Below is a set of records; reproduce them exactly without their pictures.
____________________
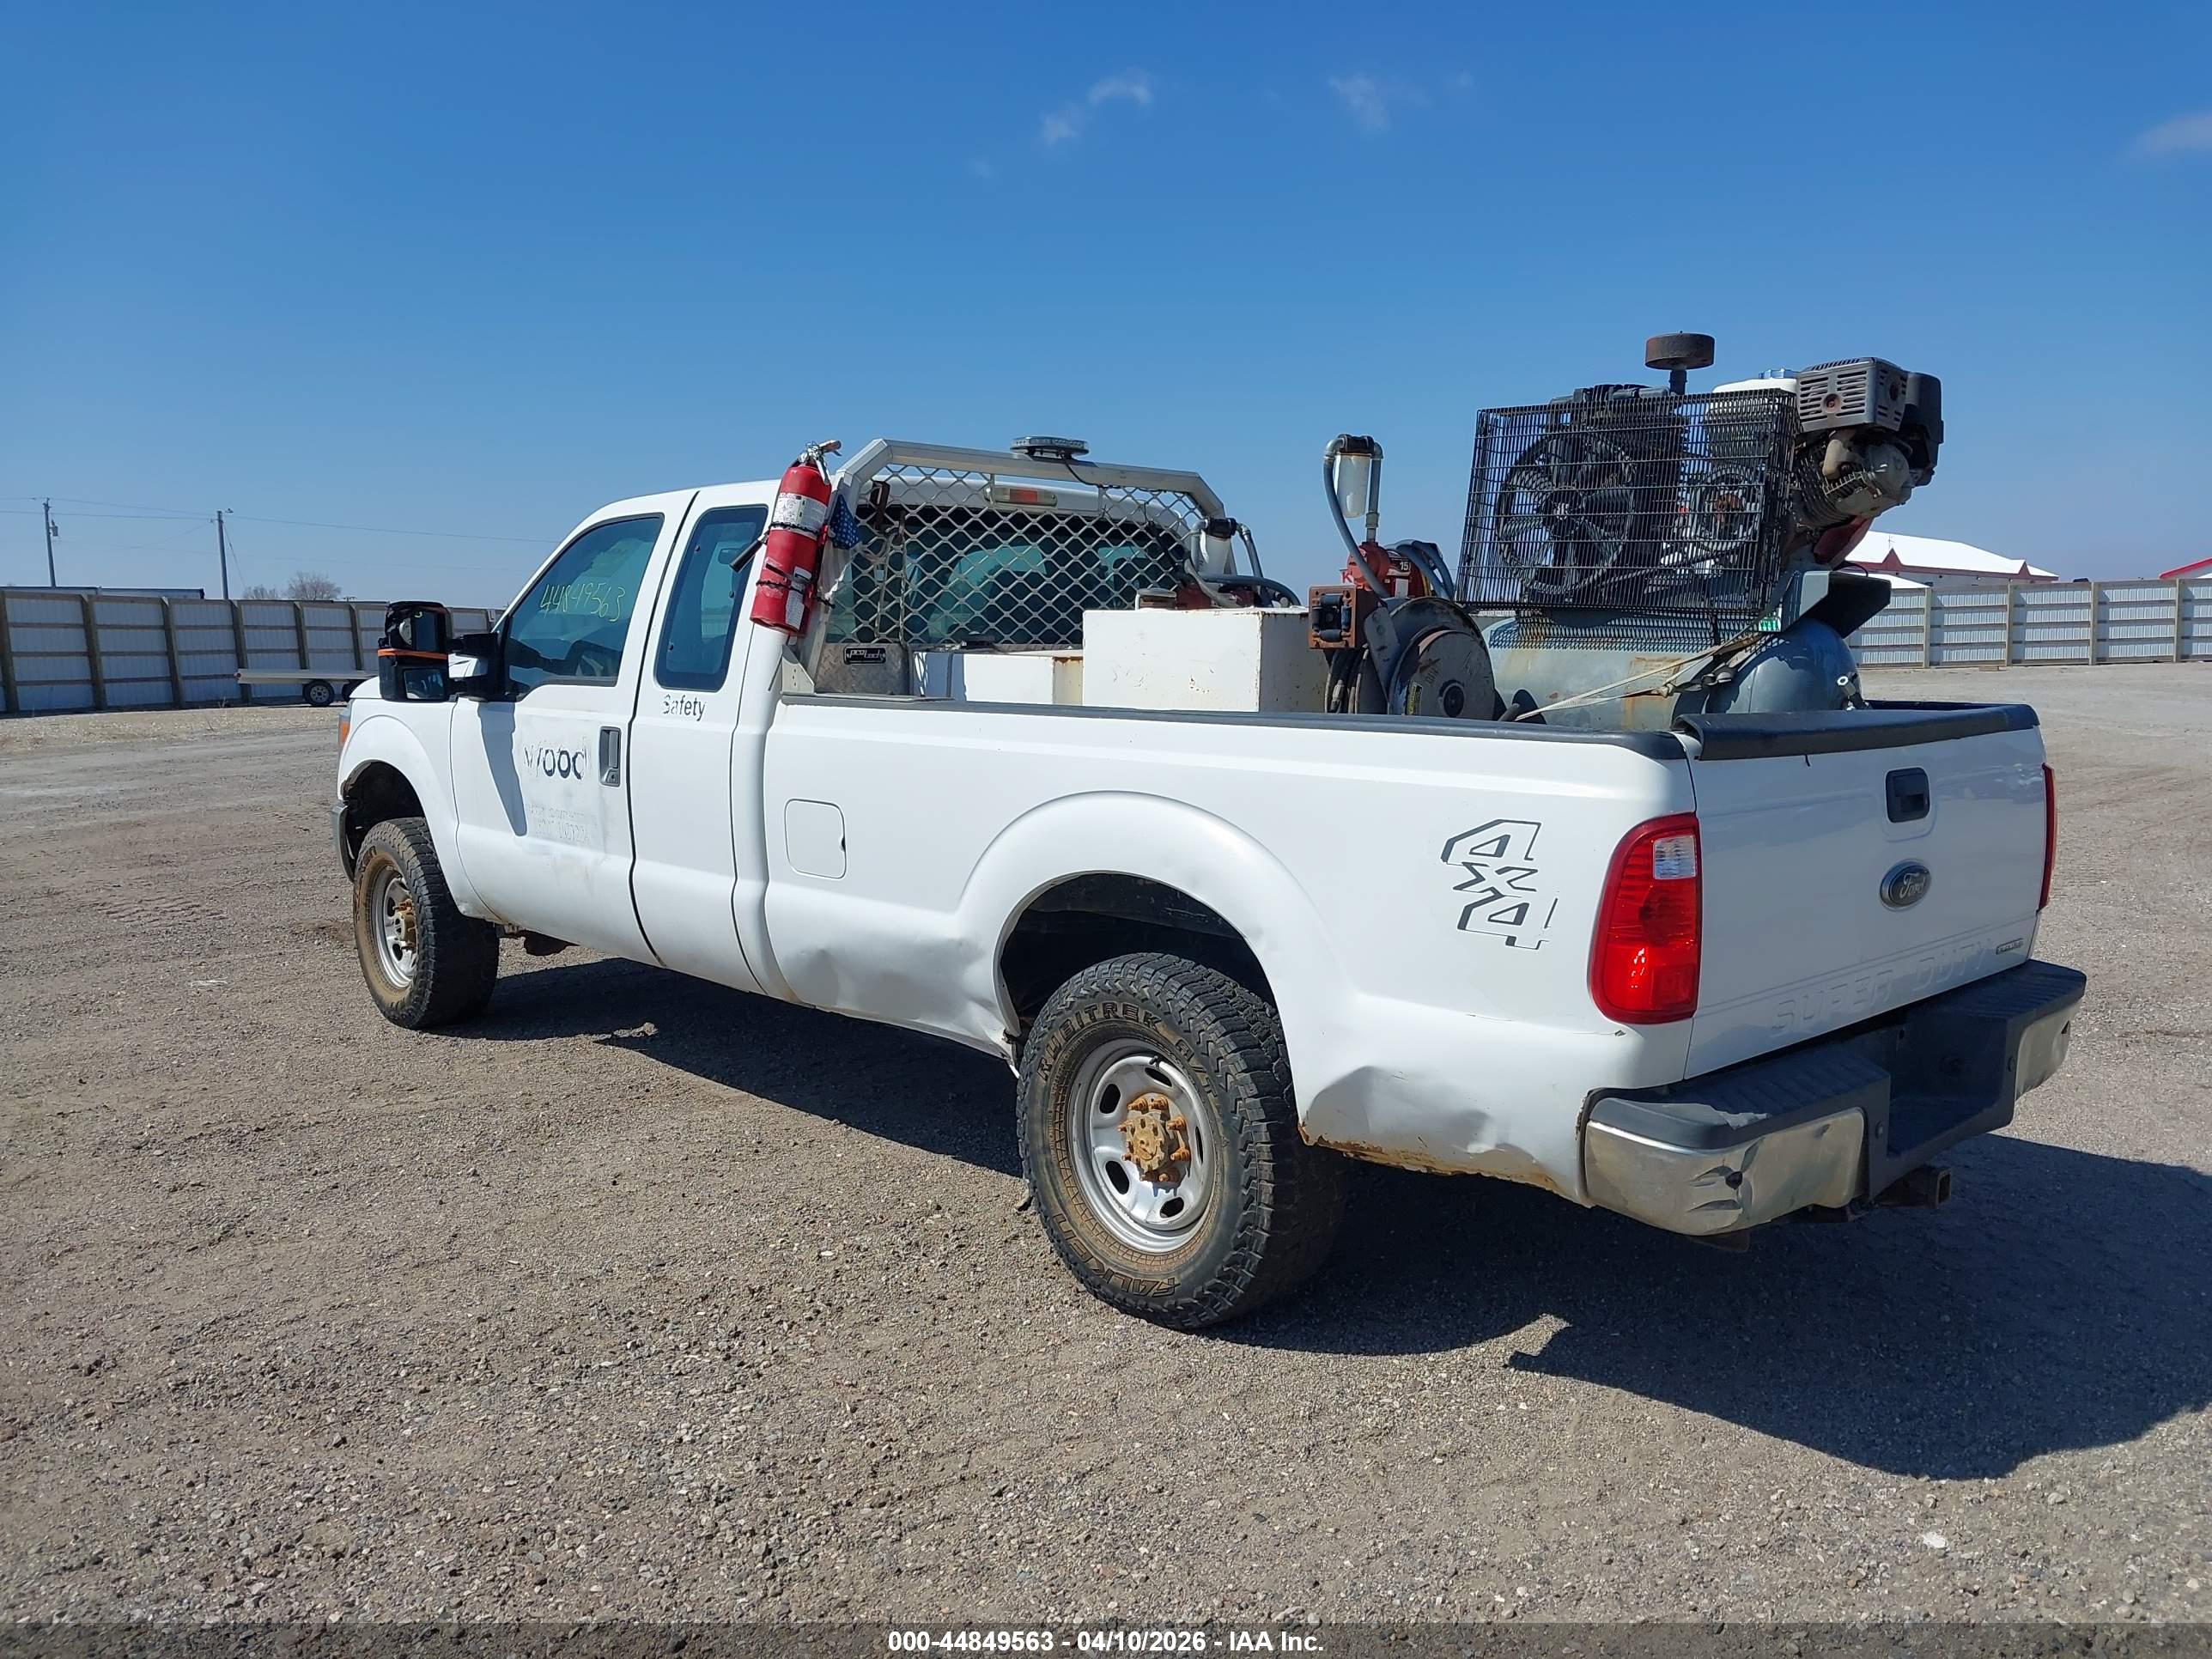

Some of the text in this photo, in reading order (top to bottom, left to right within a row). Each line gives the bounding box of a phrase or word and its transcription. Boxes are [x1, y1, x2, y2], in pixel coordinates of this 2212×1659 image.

[662, 694, 707, 722] Safety
[1899, 872, 1926, 899] Ford
[1770, 938, 1992, 1039] SUPER DUTY
[1036, 1000, 1163, 1081] RUBITREK
____________________
> **Finished task**
Some of the text in this photo, in reading order (top to bottom, left to right within a row). Each line gives the bounding box of a phrase or word and its transcription. Boxes are [x1, y1, x2, y2], in pixel coordinates of this 2212×1659 image.

[662, 694, 707, 722] Safety
[1899, 872, 1926, 899] Ford
[1770, 938, 1992, 1039] SUPER DUTY
[1036, 1000, 1163, 1081] RUBITREK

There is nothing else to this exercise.